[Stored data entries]
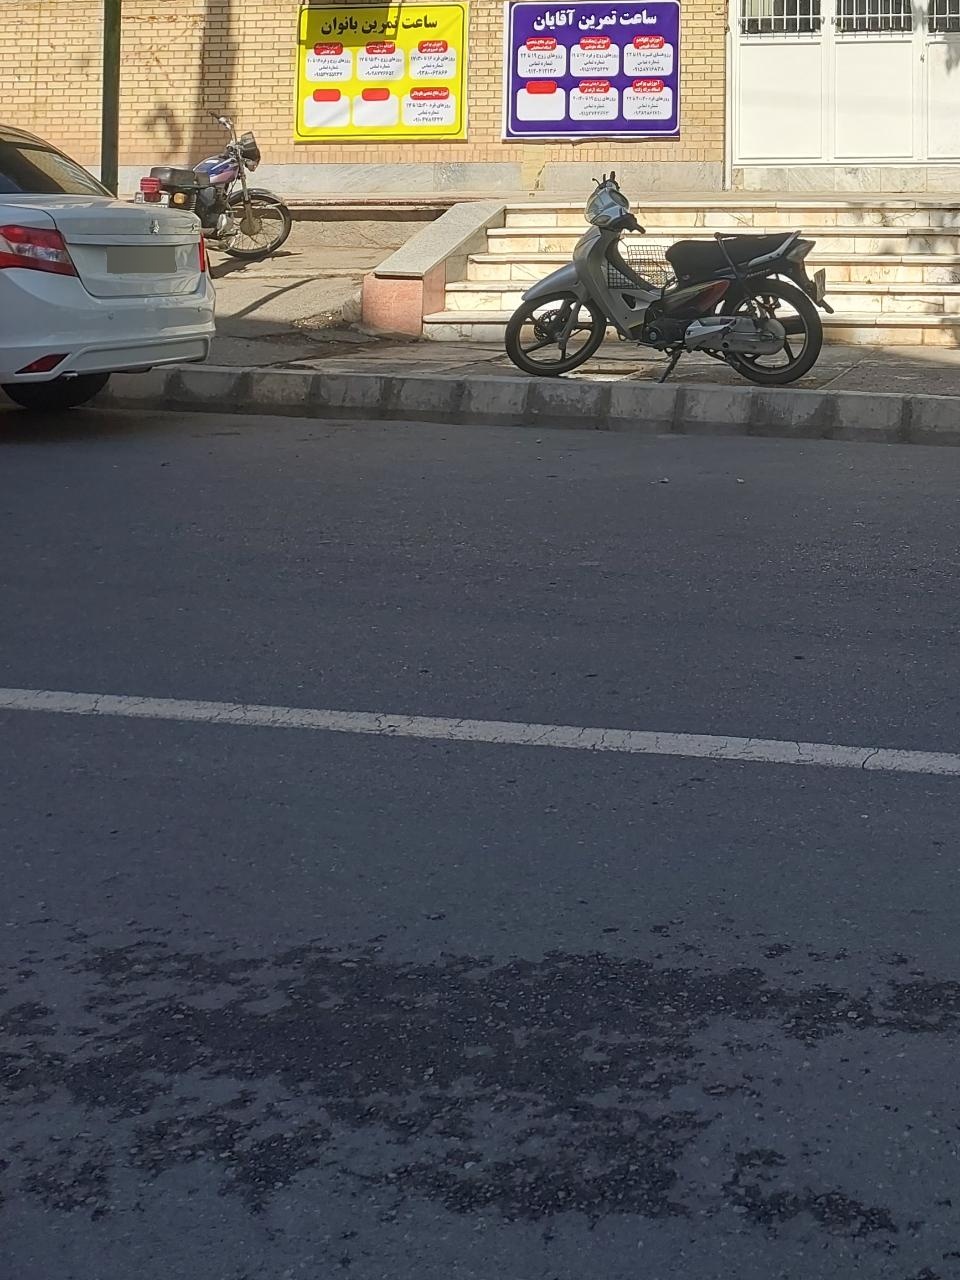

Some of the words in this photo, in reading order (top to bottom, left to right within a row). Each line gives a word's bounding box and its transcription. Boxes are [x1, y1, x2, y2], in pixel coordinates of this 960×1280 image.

[321, 16, 358, 35] بانوان
[362, 16, 399, 34] تمرین
[402, 14, 437, 29] ساعت
[533, 9, 576, 30] آقایان
[578, 10, 617, 30] تمرین
[620, 9, 657, 25] ساعت
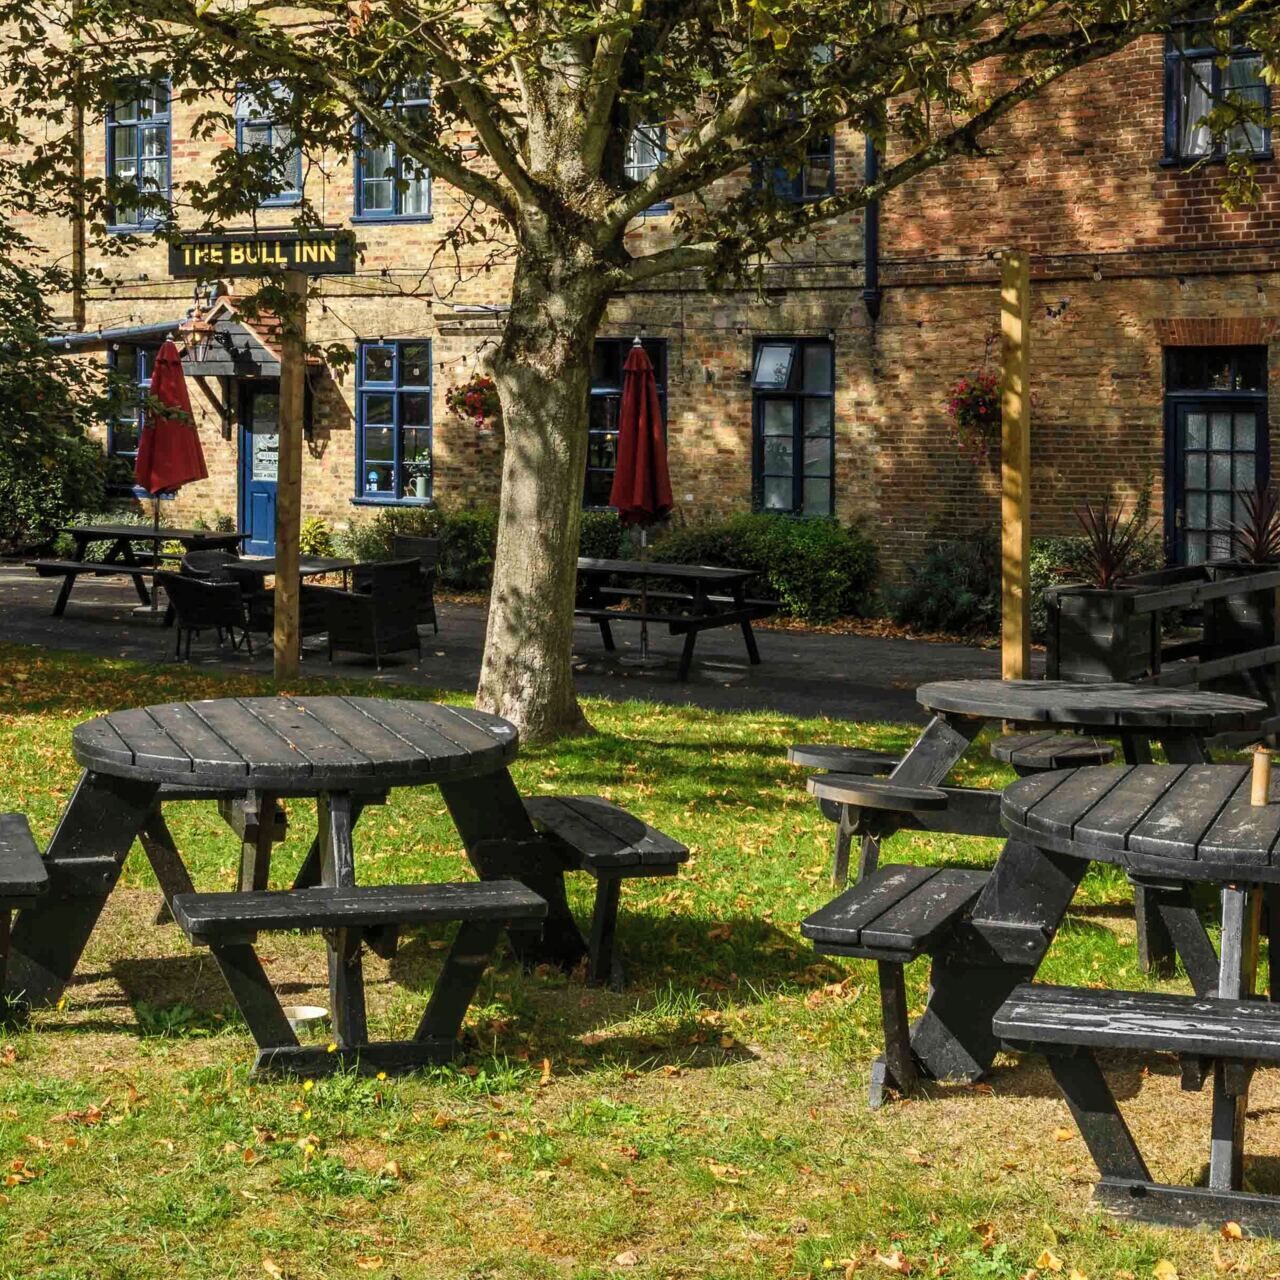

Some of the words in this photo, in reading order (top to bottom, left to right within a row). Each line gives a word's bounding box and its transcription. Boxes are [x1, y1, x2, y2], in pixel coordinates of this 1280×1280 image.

[181, 243, 223, 265] THE
[231, 242, 288, 264] BULL
[295, 240, 336, 262] INN
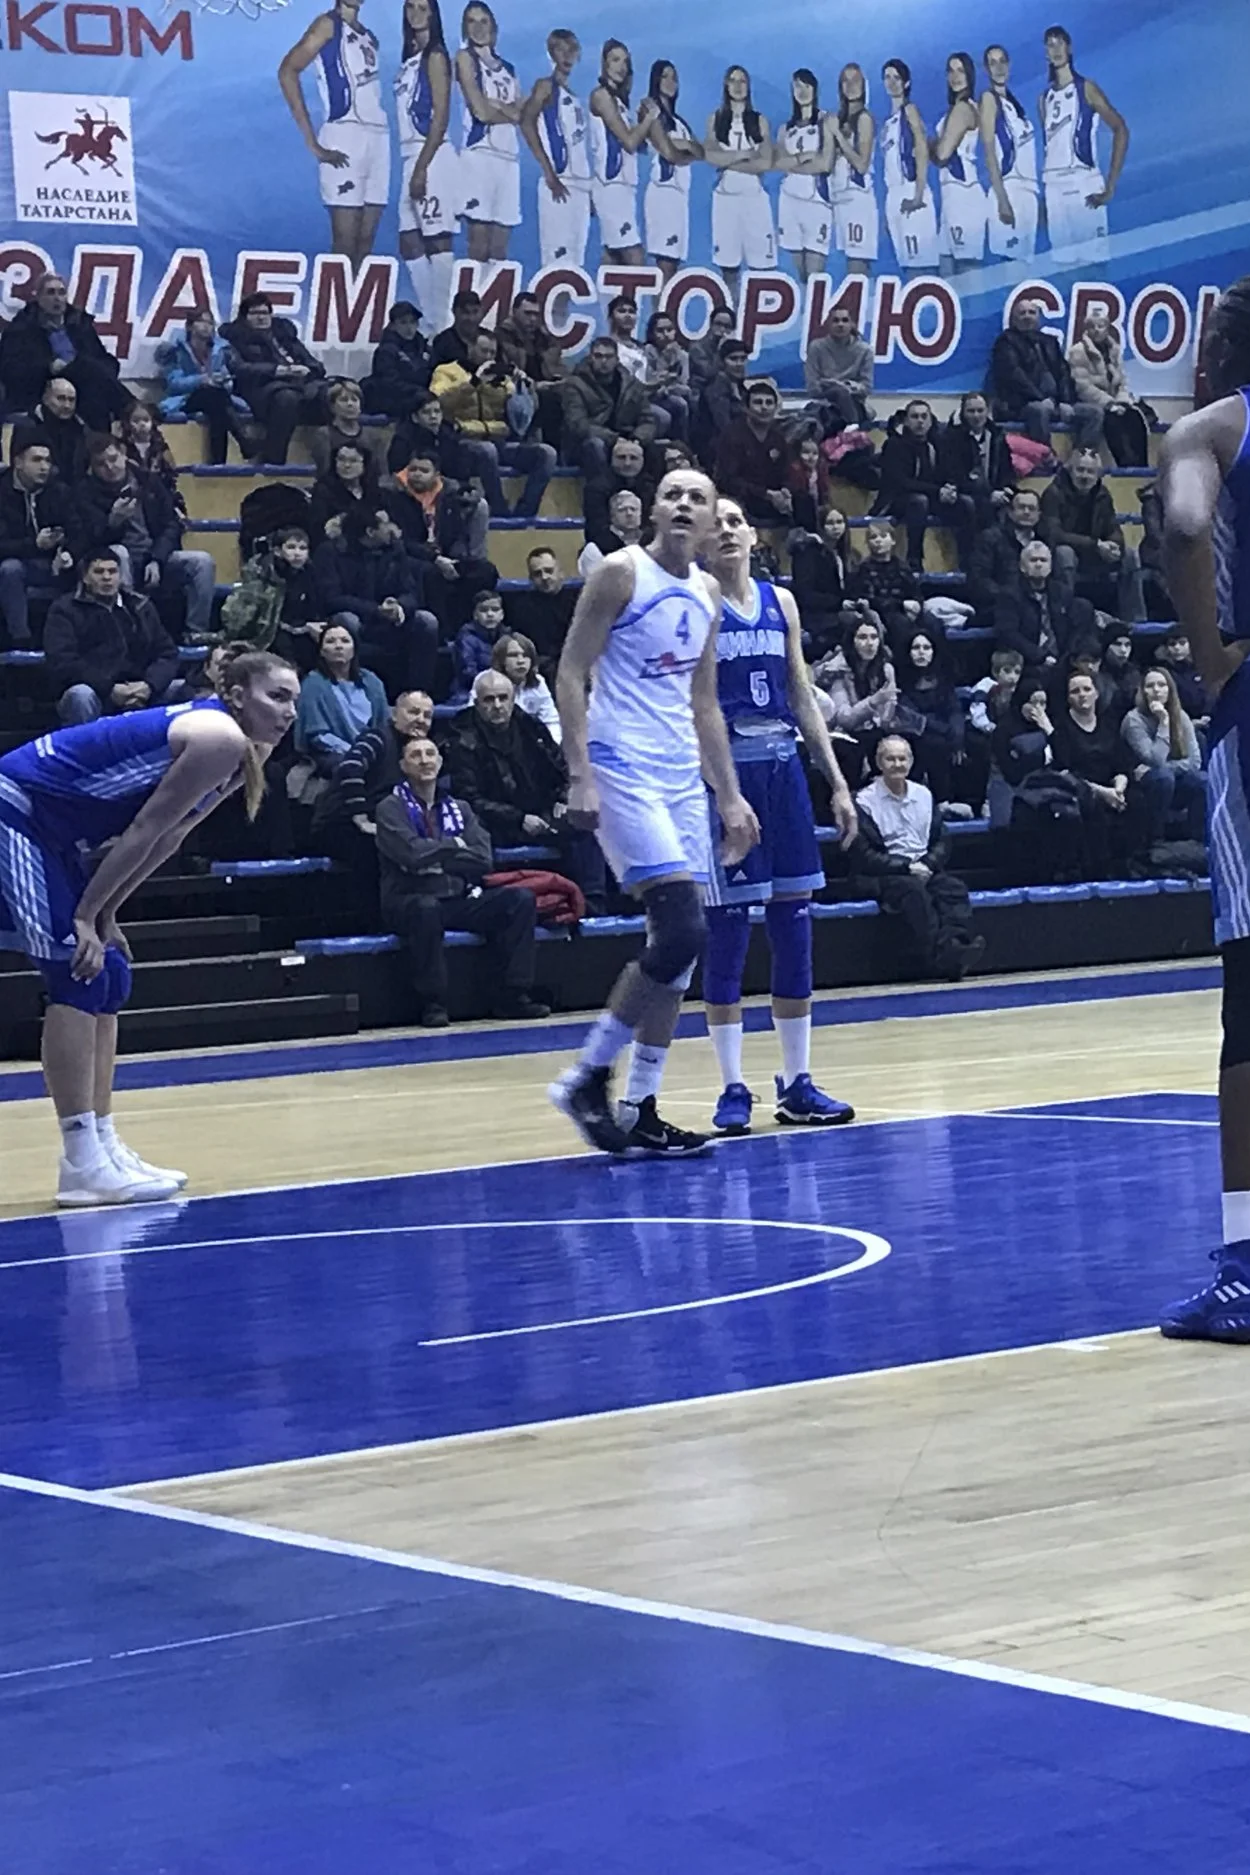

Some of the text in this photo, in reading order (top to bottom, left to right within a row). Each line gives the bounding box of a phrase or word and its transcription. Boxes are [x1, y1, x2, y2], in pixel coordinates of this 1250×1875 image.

[0, 0, 194, 61] КОМ
[36, 187, 131, 203] НАСЛЕДИЕ
[20, 204, 133, 221] ТАТАРСТАНА
[848, 222, 863, 243] 10
[905, 235, 918, 255] 11
[675, 610, 690, 645] 4
[750, 671, 770, 707] 5

**WHAT IS NEEDED**:
All of the entries above need to be repeated exactly, minus the pictures.

**RESULT**:
Some of the words in this photo, in reading order (top to bottom, left to right within a row). Each line gives a word's bounding box and its transcription. Boxes are [x1, y1, x2, y2], in pixel coordinates of this 960×1280 image.

[321, 16, 358, 35] بانوان
[362, 16, 399, 34] تمرین
[402, 14, 437, 29] ساعت
[533, 9, 576, 30] آقایان
[578, 10, 617, 30] تمرین
[620, 9, 657, 25] ساعت

Some of the words in this photo, in reading order (top to bottom, left to right within a row). Each line gives a word's bounding box and its transcription. Boxes are [x1, y1, x2, y2], in pixel coordinates of this 1280×1280 image.

[181, 243, 223, 265] THE
[231, 242, 288, 264] BULL
[295, 240, 336, 262] INN

Some of the text in this photo, in reading order (top to bottom, left to right within a row). Each line gives the bounding box of a phrase or word and its transcription. Boxes are [x1, y1, x2, y2], in pixel coordinates of this 1250×1875 image.

[0, 0, 194, 61] КОМ
[36, 187, 131, 203] НАСЛЕДИЕ
[20, 204, 133, 221] ТАТАРСТАНА
[848, 222, 863, 243] 10
[905, 235, 918, 255] 11
[675, 610, 690, 645] 4
[750, 671, 770, 707] 5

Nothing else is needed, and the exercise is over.